それとも、とにかく目の前のタスクに取り組む感じでしょうか?
作業を始める前には「これくらいの仕事なら1時間くらいで終わるかな」と思っていたのに、思っていたよりも時間がかかってしまったということはないでしょうか。
そのため、次に予定していたタスクに取りかかることができずに、仕事が間に合わなかったということはないでしょうか。
そのようなときには、タスクの記録を取って実際にかかっている時間を正確に把握することから始めてみてはどうでしょうか。
やり方は簡単です。
メモとペンを用意しておき、仕事をしながらタスク終了までにかかった時間を書き留めるだけです。

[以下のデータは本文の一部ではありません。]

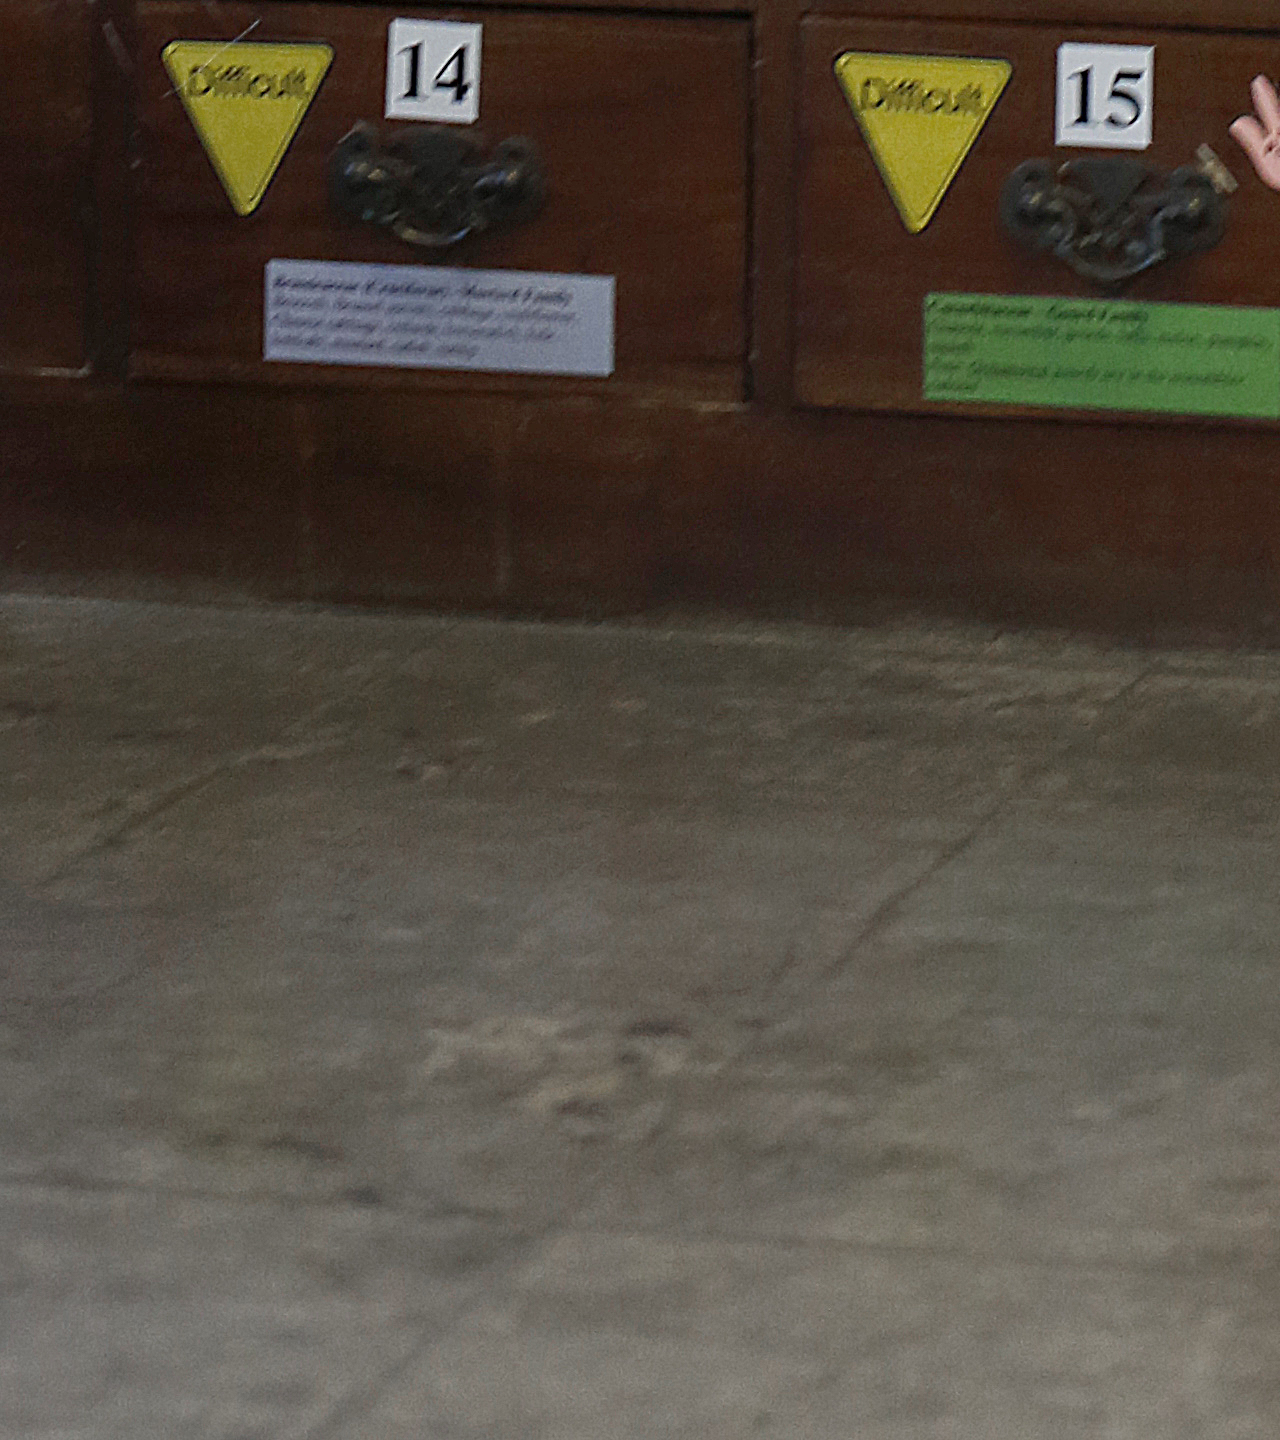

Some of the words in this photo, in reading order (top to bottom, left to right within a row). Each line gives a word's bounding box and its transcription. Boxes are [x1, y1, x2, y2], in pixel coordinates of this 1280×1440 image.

[186, 63, 310, 99] Difficult
[394, 40, 472, 105] 14
[859, 75, 985, 116] Difficult
[1064, 66, 1147, 129] 15

そうしてわかったタスク所要時間を元に1日のスケジュールを組むと大きなズレは防ぎやすくなります。
特別なものは必要ありませんが、手帳のような1日の時間が書かれたシートがあると記録しやすくなります。
仕事をしていると、トイレや休憩などの必要な休養時間、上司や客からの突然の呼び出しなど、不測の事態も起こります。

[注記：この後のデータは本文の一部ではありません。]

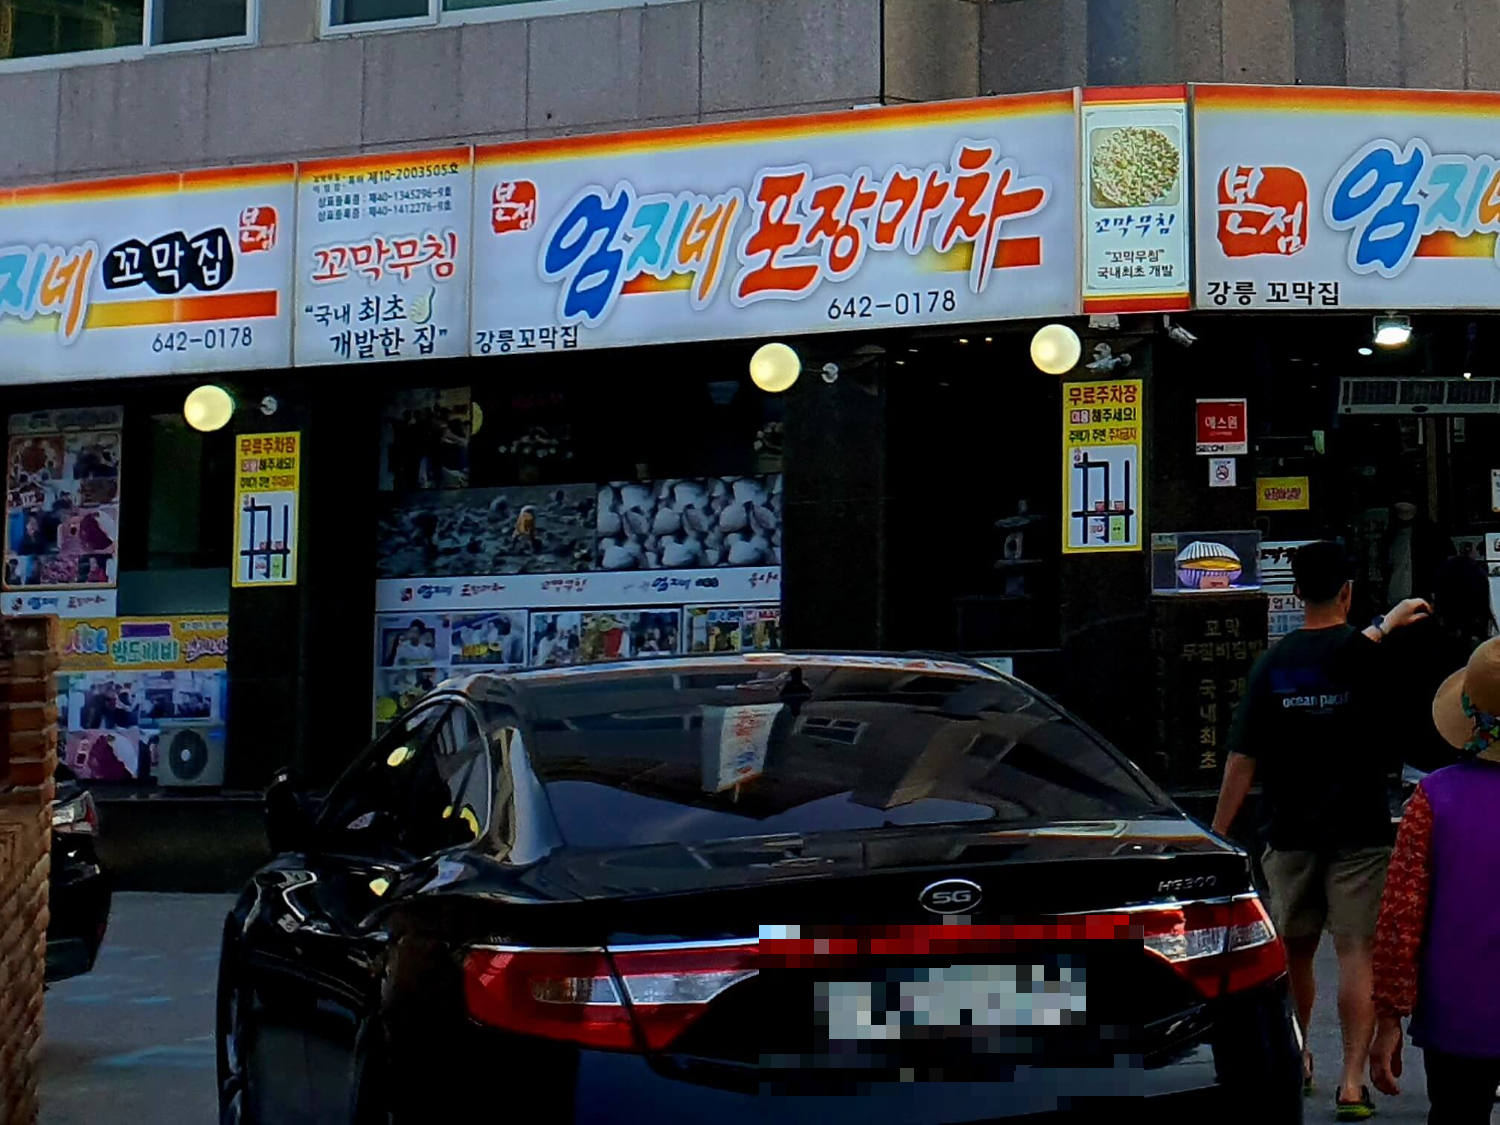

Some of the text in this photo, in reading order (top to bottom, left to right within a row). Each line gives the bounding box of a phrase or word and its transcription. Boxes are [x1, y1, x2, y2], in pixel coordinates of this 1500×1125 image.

[491, 180, 538, 234] 본점
[1215, 165, 1309, 258] 본점
[239, 206, 277, 252] 본점
[544, 146, 1045, 320] 엄지네 포장마차
[1094, 212, 1176, 238] 꼬막무침
[112, 235, 224, 288] 꼬막집
[311, 231, 458, 282] 꼬막무침
[1097, 264, 1174, 280] 국내최초 개발
[826, 289, 956, 320] 642-0178
[1206, 279, 1341, 306] 강릉 꼬막집
[357, 293, 408, 325] 최초
[151, 327, 253, 353] 642-0178
[1069, 385, 1138, 406] 무료주차장
[931, 889, 972, 904] SG

タスクの組み立てを行う際には、1時間に5~10分程度の休憩時間を設けて不測の事態のために余白を設けておくとよいでしょう。
自己紹介書を作ろう
面接では、多くの企業から履歴書や職務経歴書の提出を求められます。
その際に「自己紹介書」の作成しておくと様々なところで役立ちます。
自己紹介書とは以下のような情報をまとめた資料です。
・障害名
・自分の障害特性や病気などの症状についての説明
・自分の特性が仕事に影響する場合の自分なりの対処方法
・得意なこと、苦手なこと、得意とまではいかないができること
・ストレスや疲労がたまったときのサイン
・ストレスや疲労がたまったときの自己対処
・一緒に働く人に知っておいてほしいこと
・通院の頻度や曜日
・主治医や支援者からのアドバイス など
内容に決まりはありませんが、企業が適切な雇用管理をするにあたって知っておきたい情報です。
また、これらは面接などで質問されることも多いですし、入社後も一緒に働くメンバーに伝達しておきたい大切な内容です。

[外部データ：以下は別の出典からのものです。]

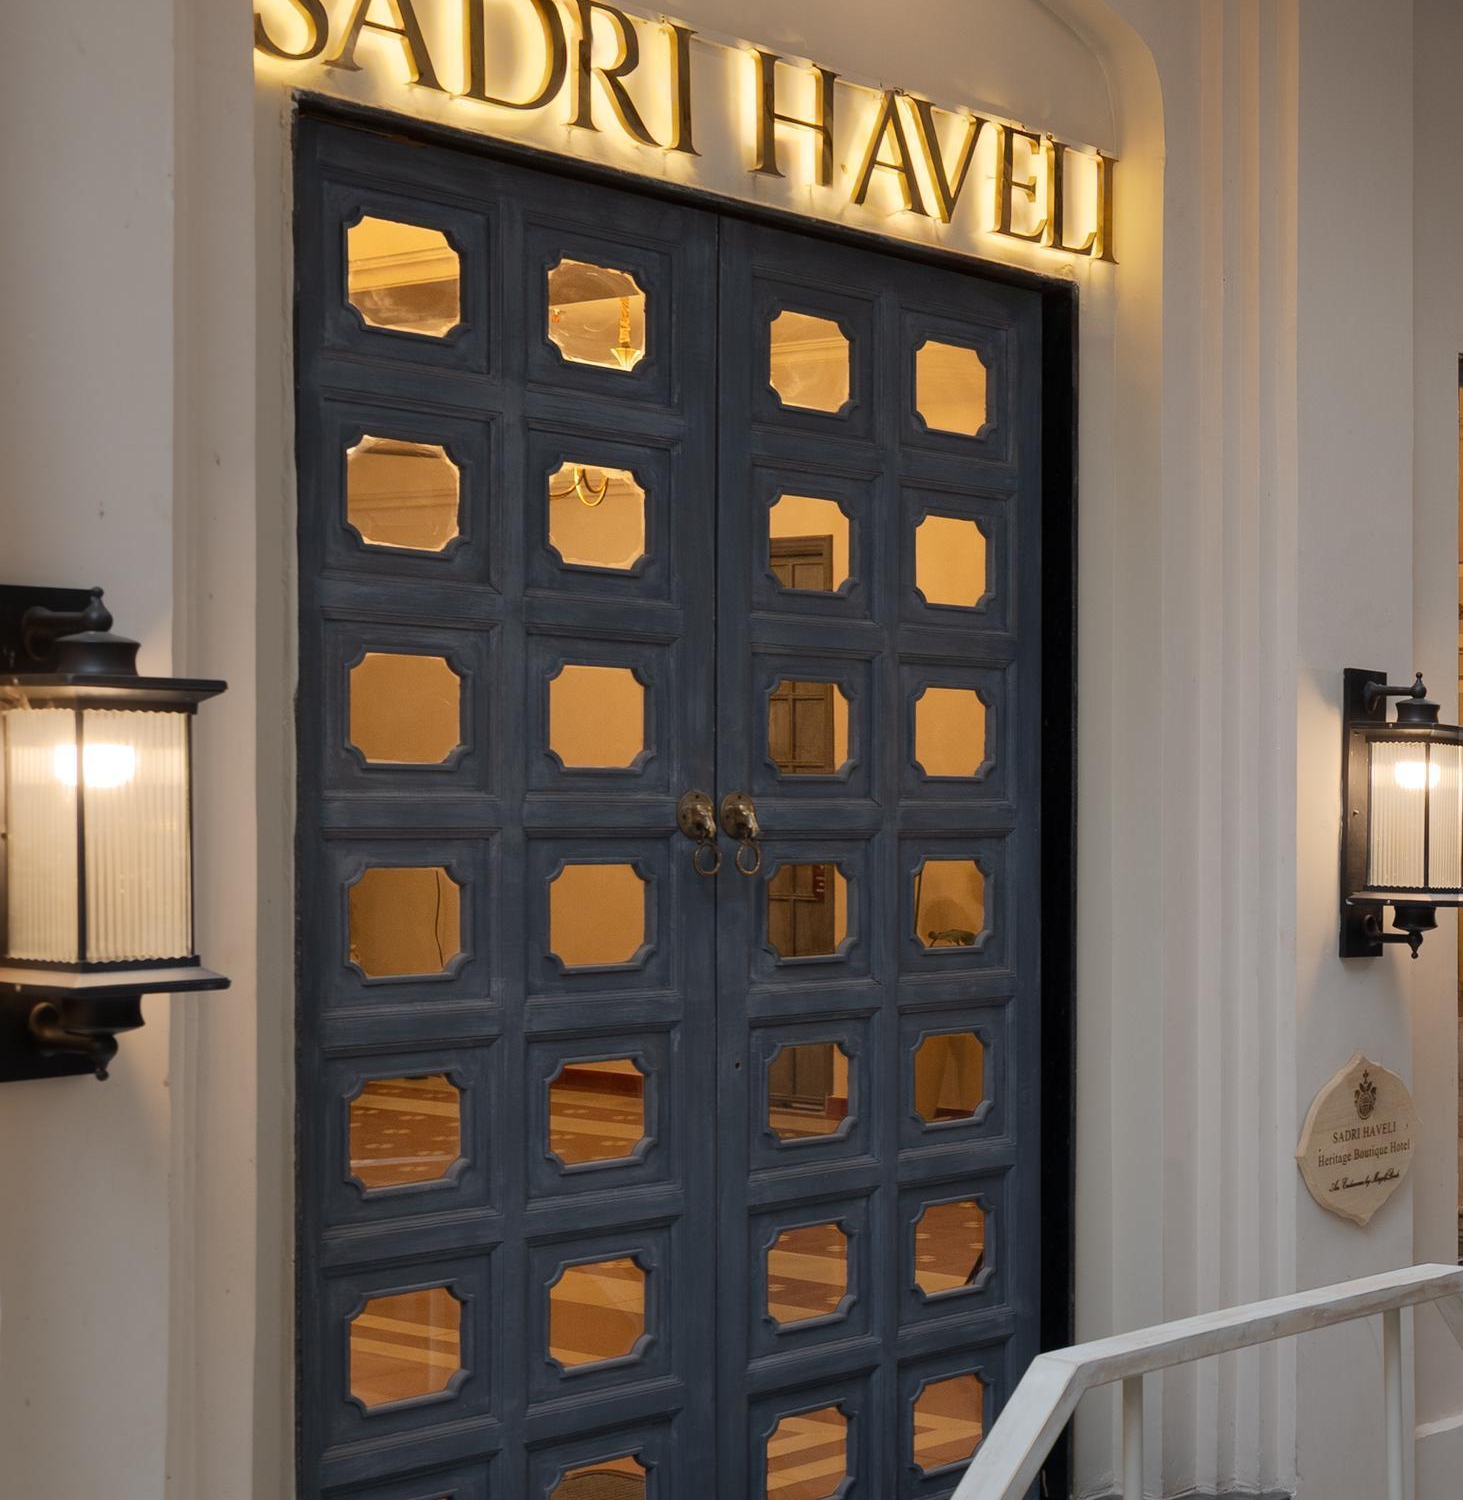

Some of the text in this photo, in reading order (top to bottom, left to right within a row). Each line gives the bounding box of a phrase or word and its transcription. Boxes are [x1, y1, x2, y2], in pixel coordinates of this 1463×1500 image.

[745, 47, 1122, 266] HAVELI
[1333, 1121, 1396, 1144] SADRI HAVELI
[1318, 1138, 1410, 1167] Heritage Boutique Hotel

そして、これらの情報を初対面の相手にわかりやすく伝えることはなかなか難しいものです。
同じ内容を伝えるにしても、言葉選びで印象が大きく変わります。
そのため、事前に整理しておくとよいでしょう。
文書にして企業に提出するか、面接時に手持ち資料として使うかに決まりはありません。状況や個人の考えによって使い方はそれぞれです。
また、クローズ(会社に障害のことを伝えない就職活動)の場合には、より一層重要になります。
クローズは、会社に障害のことを伝えないのですが、その分支援者や上司同僚の協力を得にくくなる場合があり、仕事に関する様々な問題に一人で対処しなければなりません。
そのため、自分の得意不得意を把握しておき、トラブルへの対処方法をしっかり確立しておく必要があります。
就職活動の際は、自己紹介書の作成を検討してみるとよいでしょう。